Table 2. Relationship between the daily duration of different types of activities and subjects’ characteristics at baseline and after weight loss.

The stepwise prediction models showed that, after weight loss, age was the only parameter explaining the variability in the duration of sitting and standing, actively standing, or walking; while the daily duration of sleeping, lying, bicycling and running was not associated with any physical characteristics. No seasonal effect was observed in the regression equations (Table 2). After weight loss the activity behavior significantly changed: subjects spent less time sitting or standing still (−26±90 min/d, P<0.05, standard error [SE] = 11.1 min/d), and more time walking (+11±21 min/d, P<0.001, SE = 2.6 min/d) and bicycling (+4±14 min/d, P<0.05, SE = 1.8 min/d) (Figure 3).

Figure 3. Duration of the types of activity performed at baseline and after weight loss.

Sit-stand; daily duration of sitting and standing still. AS; daily duration of actively standing. (*) or (**); significant difference between baseline and after weight loss (P<0.05 or P<0.001).

According to the doubly-labeled water validated model, the change in AEE not accounted for by body movement, and, therefore, induced by the change in BW was –0.70±0.26 MJ/d (95% CI: from –0.76 to –0.63). The change in AEE induced by the change in body movement, i.e. not accounted for by BW, was +0.10±0.38 MJ/d (95% CI: from 0.004 to 0.19). As a result of the change in both BW and body movement, AEE significantly decreased by 0.60±0.40 MJ/d (95% CI: from –0.70 to –0.50) after weight loss (Figure 4). The doubly-labeled water validated equation was also used to calculate for each subject the amount of activity counts needed to obtain the baseline AEE given a body weight as measured after weight loss. Hence, to compensate for the decrease in AEE due to the change in BW, body movement should have increased by 58±21 kCnts/d (55±29% of the baseline Cnts/d, CI: from 47 to 61%).
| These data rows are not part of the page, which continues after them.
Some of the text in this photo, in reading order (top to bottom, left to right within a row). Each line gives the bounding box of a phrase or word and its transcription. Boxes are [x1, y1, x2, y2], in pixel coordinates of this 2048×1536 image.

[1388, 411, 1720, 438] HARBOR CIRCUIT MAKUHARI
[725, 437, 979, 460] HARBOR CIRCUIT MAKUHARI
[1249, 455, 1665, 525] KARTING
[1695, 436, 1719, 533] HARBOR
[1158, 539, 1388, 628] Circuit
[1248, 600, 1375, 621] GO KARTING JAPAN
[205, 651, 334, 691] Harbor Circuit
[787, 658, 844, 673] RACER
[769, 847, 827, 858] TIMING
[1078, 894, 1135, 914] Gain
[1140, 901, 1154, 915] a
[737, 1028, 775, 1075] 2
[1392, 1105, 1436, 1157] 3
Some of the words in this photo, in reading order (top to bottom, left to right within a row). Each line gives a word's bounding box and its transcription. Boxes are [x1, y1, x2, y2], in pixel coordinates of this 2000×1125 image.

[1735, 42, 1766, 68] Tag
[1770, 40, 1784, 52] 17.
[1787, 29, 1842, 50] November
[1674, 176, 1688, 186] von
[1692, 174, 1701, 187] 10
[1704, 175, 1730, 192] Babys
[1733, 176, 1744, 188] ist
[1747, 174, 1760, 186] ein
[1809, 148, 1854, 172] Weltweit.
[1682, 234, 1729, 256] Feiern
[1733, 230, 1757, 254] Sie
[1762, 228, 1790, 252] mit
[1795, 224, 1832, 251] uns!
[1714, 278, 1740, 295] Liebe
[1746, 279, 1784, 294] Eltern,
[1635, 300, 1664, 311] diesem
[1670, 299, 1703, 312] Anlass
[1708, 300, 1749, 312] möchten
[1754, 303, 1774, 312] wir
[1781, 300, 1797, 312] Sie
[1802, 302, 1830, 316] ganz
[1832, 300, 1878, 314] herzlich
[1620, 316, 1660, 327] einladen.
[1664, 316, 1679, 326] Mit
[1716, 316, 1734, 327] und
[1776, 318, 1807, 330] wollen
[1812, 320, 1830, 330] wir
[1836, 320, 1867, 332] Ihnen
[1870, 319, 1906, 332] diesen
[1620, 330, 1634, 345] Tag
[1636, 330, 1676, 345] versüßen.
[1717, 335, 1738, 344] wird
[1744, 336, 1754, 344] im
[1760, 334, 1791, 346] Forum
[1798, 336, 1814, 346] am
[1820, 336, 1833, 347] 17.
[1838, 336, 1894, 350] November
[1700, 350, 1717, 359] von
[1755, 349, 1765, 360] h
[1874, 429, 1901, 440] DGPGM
Figure 4. Contribution of the change in body weight (BW) and the change in physical activity (PA) to the change in activity energy expenditure (AEE).

(*) or (**); significant difference from zero (P<0.05 or P<0.001).


Weight loss induces a reduction in AEE that hinders from achieving successful weight maintenance. Indeed, high AEE counteracts the decline of lean mass and thereby of metabolic rate which can compensate for the negative impact of poor compliance to a low-caloric diet regime [25]. This study showed a decrease in AEE following weight loss due to the low metabolic cost for carrying a smaller body weight during physical activity. In spite of this observation, a mild increase in physical activity accompanied weight loss. Reduced-obese and overweight subjects spent significantly more time walking and bicycling and less time sedentary. Thus, to preserve AEE weight-reduced subjects should improve their physical activity according to the extent of their loss in weight.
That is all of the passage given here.